I received a funny voicemail this week on which a friend told me that every time he has had band practice recently, he plays sections of songs incorrectly on his guitar. This has been going on for months and he couldn’t understand it. He practices all week on his acoustic. When Saturday’s band practice rolls around, he picks up his electric and it’s like he’s playing a different instrument. Then he realized, his voicemail explained, his acoustic isn’t dotted along the frets like any other guitar. It’s a parlor guitar and instead of a dot at the ninth fret, it has a dot at the tenth. So for months, he’s been training his brain to look for the wrong marker.
This is such a perfect example of something we probably all struggle with: how a little difference between practice and performance impacts us. In the past, I’ve had a similar experience when practicing on my Spanish guitar (no fret dots) and performing with my steel string (dots) or vice versa.
Practice the instrument with which you’ll perform
My friend continued in his voicemail that it goes to show how important it is to practice with the instrument on which you’re going to perform. He emphasized that this is a problem drummers encounter all the time when using the “house kit.” Even if they bring their own cymbals and snare, the other drums and hardware will respond differently than their own gear. By contrast, he suggested it is a phenomenon that keyboard players may not experience the same way because piano keys have a standard width. We don’t think about guitars being all that different but even models with the same neck will feel different.

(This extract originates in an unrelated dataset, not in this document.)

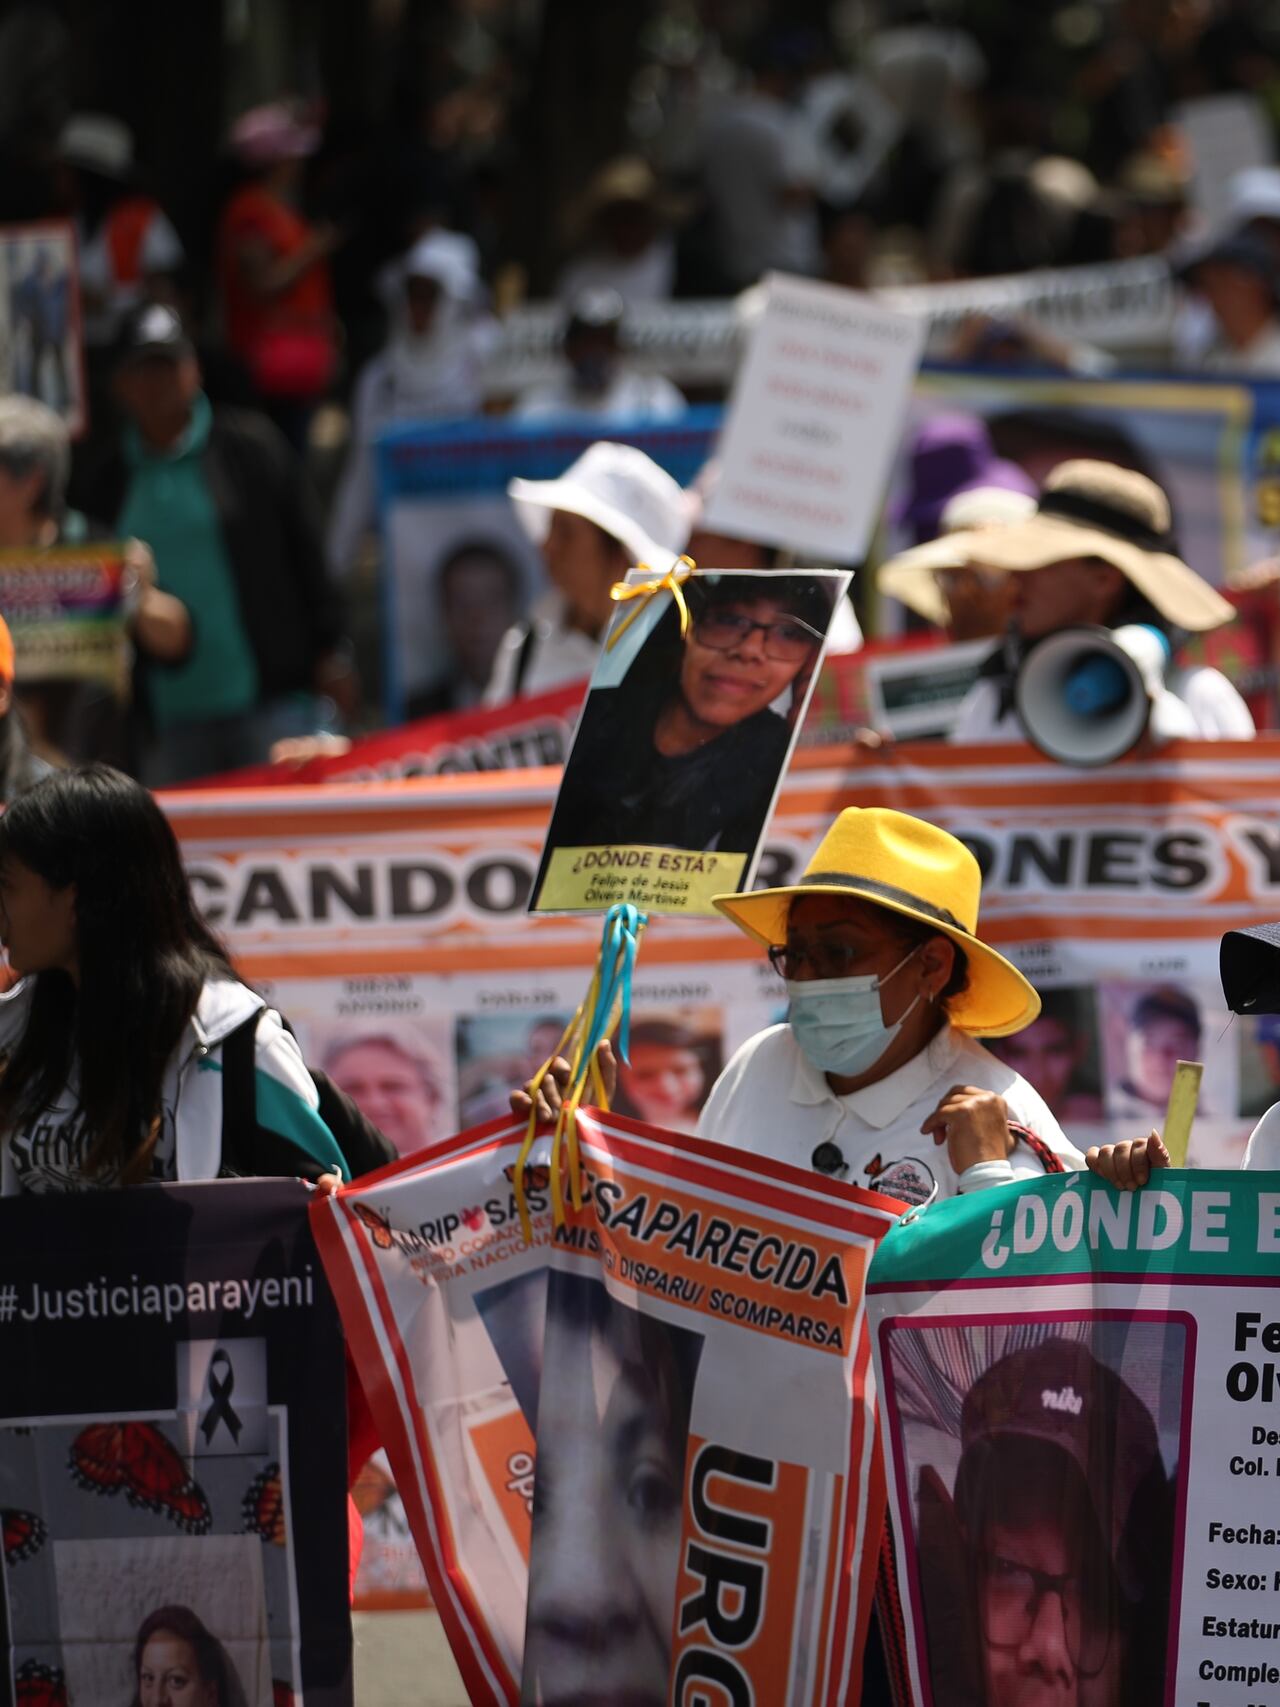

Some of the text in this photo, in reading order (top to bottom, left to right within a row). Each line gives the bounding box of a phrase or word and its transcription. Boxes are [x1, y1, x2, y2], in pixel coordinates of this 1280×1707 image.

I have a sitting-around-the-house guitar from the same maker as my main guitar but still the feel is a little different. I had a show tonight and I made sure to rehearse all week on the main guitar so as not to train my hands with the wrong feel. With my friend’s anecdote fresh in mind, I even made sure not to wear anything like my watch or ring that I hadn’t been practicing with.

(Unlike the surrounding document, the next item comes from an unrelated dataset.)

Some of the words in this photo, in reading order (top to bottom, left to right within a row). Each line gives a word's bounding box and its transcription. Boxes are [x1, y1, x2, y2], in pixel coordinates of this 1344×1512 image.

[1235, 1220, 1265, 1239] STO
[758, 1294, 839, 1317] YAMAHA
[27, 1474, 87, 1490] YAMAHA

Live performances have enough variables to deal with. Your body temperature is higher. You might perspire more. The air might be stickier. The monitors aren’t set up the way you rehearse. Or you don’t rehearse with monitors. There’s ambient noise. The walls reflect sound differently than your house. With all this going on, you don’t need to feel like you’re playing a foreign instrument.
Practice songs not parts of songs
Along those same lines, I remember advice from my oft-cited music professor friend, Todd Kemp. I told him once about my practice routine of running through a set of songs and that I was trying not to stop a song if I screwed up in the middle. “Never stop,” he said. We agreed that is always better to finish the song and then play it over (several times even) to get it straight in your brain, rather than to stop and start over.
The principle is the same as the instrument advice above: don’t train yourself in a different way than you’ll perform. Things will happen in a performance that will screw you up. You will make mistakes in the middle of a song. If your habit is to stop the song and start over, your body isn’t going to know what do in a live situation when something goes wrong. But if you’ve developed the habit of staying steady through the song, little things won’t throw you off and cause a small distraction to turn into a train wreck onstage.